The Bottleneck Holding Again Robots
Not like language basis fashions, that are skilled on huge quantities of web knowledge, Bodily AI should study from real-world interactions — the place each motion is tied to things, areas, bodily forces, and varied environmental circumstances.
This makes robotic coaching knowledge considerably more durable to scale. Information is usually fragmented by robotic kind, activity, {hardware}, and deployment surroundings, whereas a coverage that works nicely on one robotic could not essentially switch to a different. The hole between simulation and real-world working circumstances additionally continues to be a significant barrier to commercial-scale robotic deployment.
Consequently, many robotics firms are shifting their consideration to platforms able to constantly producing and updating knowledge, fairly than merely scaling fashions or {hardware}.
What’s Subsequent for Axis
Following the seed spherical, Axis will give attention to increasing each its product capabilities and operational scale. Within the coming months, the corporate expects to deploy an selfish knowledge pipeline in September, increase simulation to extra robotic embodiments and atomic capabilities in October, and launch a large-scale post-training dataset based mostly on human-gated DAgger by the tip of the 12 months. In line with Axis, the corporate has collected “tens of hundreds of hours” of selfish knowledge and is co-developing product necessities with a number of frontier labs.
Alongside product growth, Axis additionally goals to scale its contributor community. The corporate said it at present has over 100,000 contributors and goals to increase into Latin America and Jap Europe, whereas growing day by day energetic customers to 10,000. Operationally, Axis goals to generate over 500 hours of selfish knowledge and 50 hours of simulation knowledge day by day, whereas additionally growing the capability to generate corrective post-training knowledge.
On the industrial entrance, Axis goals to finish two to 3 paid pilots earlier than the tip of the 12 months and turn out to be a most well-liked vendor for basis mannequin improvement firms in Q1 of subsequent 12 months. In the long run, the corporate desires to combine its knowledge engine straight into the coaching and deployment workflows of robotic builders, AI mannequin builders, and industrial operators.

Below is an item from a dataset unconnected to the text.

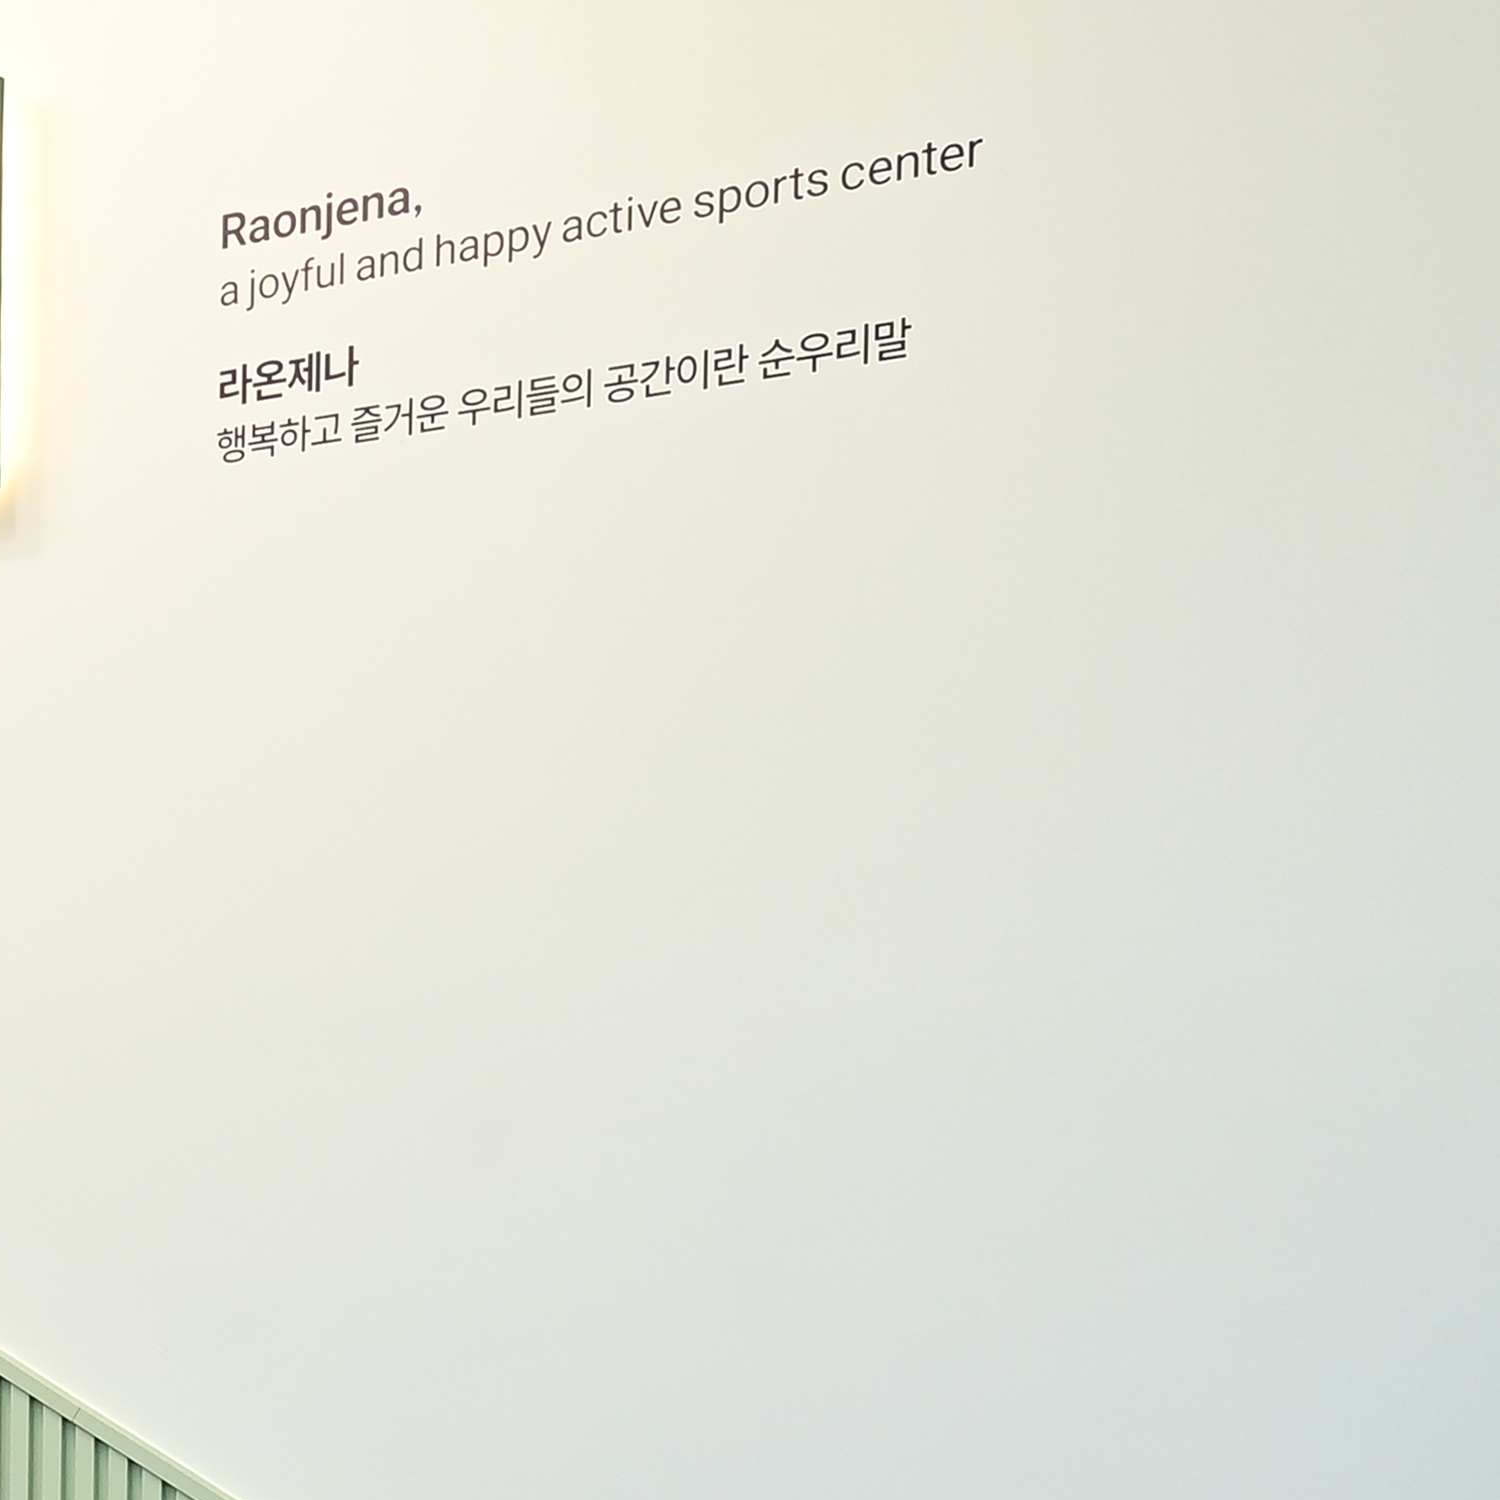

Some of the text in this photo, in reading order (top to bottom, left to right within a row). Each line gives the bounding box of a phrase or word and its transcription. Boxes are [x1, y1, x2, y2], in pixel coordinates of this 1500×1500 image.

Though the roadmap is pretty well-defined, Axis nonetheless must show that knowledge generated from crowdsourcing mixed with simulation can enhance efficiency throughout real-world robotic deployment, fairly than simply scaling the dataset. This consequence will decide whether or not the corporate’s knowledge infrastructure mannequin can turn out to be a crucial infrastructure layer for Bodily AI because the business transitions from preliminary experiments to commercial-scale deployment.